Ultimately, the 1957 legislative session lasted 128 days, the longest in Oregon history. Overhulse was widely recognized for keeping the state senate on track throughout the session. In October of that year, a special legislative session was call to pass a tax relief bill. This was the result of increased tax revenue that produced a tax surplus. The legislature returned the surplus in the form of reduced taxes. Overhulse presided over the senate during the special session.

At that time, the President of the Senate served as acting governor whenever Oregon's elected governor left the state. During his two-year term as senate president, Overhulse was the acting governor on a number of occasions when Governor Holmes was traveling outside of the state.

== State senator ==

During the second half of his four-year senate term, a Democratic majority controlled the senate. The Democrats used their 19 to 11 majority to elect their long-time leader, Walter Pearson, as senate president. Pearson appointed Overhulse chairman of the senate's powerful State and Federal Affairs Committee. Overhulse served during the 1959 regular session from January 12 through May 6.

In 1960, Overhulse was re-elected to a second four-year term in the state senate representing District 17. He was unopposed in the Democratic primary and then defeated a popular state representative in the general election. The new senate President, Harry Boivin, appointed Overhulse to the state and federal affairs, judiciary, and labor and industries committees. He was also given the chairmanship of the Elections Committee.

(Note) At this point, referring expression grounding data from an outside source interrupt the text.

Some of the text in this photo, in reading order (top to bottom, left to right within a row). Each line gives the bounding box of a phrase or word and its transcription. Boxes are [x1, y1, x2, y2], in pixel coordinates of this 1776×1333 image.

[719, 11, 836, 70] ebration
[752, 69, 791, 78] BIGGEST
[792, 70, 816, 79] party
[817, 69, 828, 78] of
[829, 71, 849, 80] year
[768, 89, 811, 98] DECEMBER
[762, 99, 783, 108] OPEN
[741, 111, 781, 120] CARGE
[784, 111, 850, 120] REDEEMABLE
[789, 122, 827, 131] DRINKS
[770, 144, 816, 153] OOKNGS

Overhulse returned to the senate for 1963 legislative session. While he still represented Crook, Deschutes, Jefferson, and Lake counties, re-districting changed his senate district from District 17 to District 19. During that regular legislative session, Overhulse served as chairman of the Taxation Committee and was a members of the state and federal affairs, judiciary, elections, constitutional revisions, and public buildings and institutions committees. He also served during a short special session later that year.
In February 1964, Overhulse announced that he would retire from the senate at the end of 1964 when his second term expired.

== Later life and legacy ==

After leaving the state senate, Overhulse returned to his law practice in Madras. He died of a heart attack at his home in Culver on January 2, 1966. He was 56 years old at the time of his death.

Overhulse's correspondence with constituents and other documents related to his service in the Oregon State Senate are held in the University of Oregon Library archives in Eugene, Oregon. It includes 3.0 linear feet (2 containers).

In 2014, his family presented a collection of Overhulse's personal memorabilia to the Jefferson County Historical Society. The collection included the gavel Overhulse used while he was senate president along with a scrapbook of news articles and photographs from his tenure.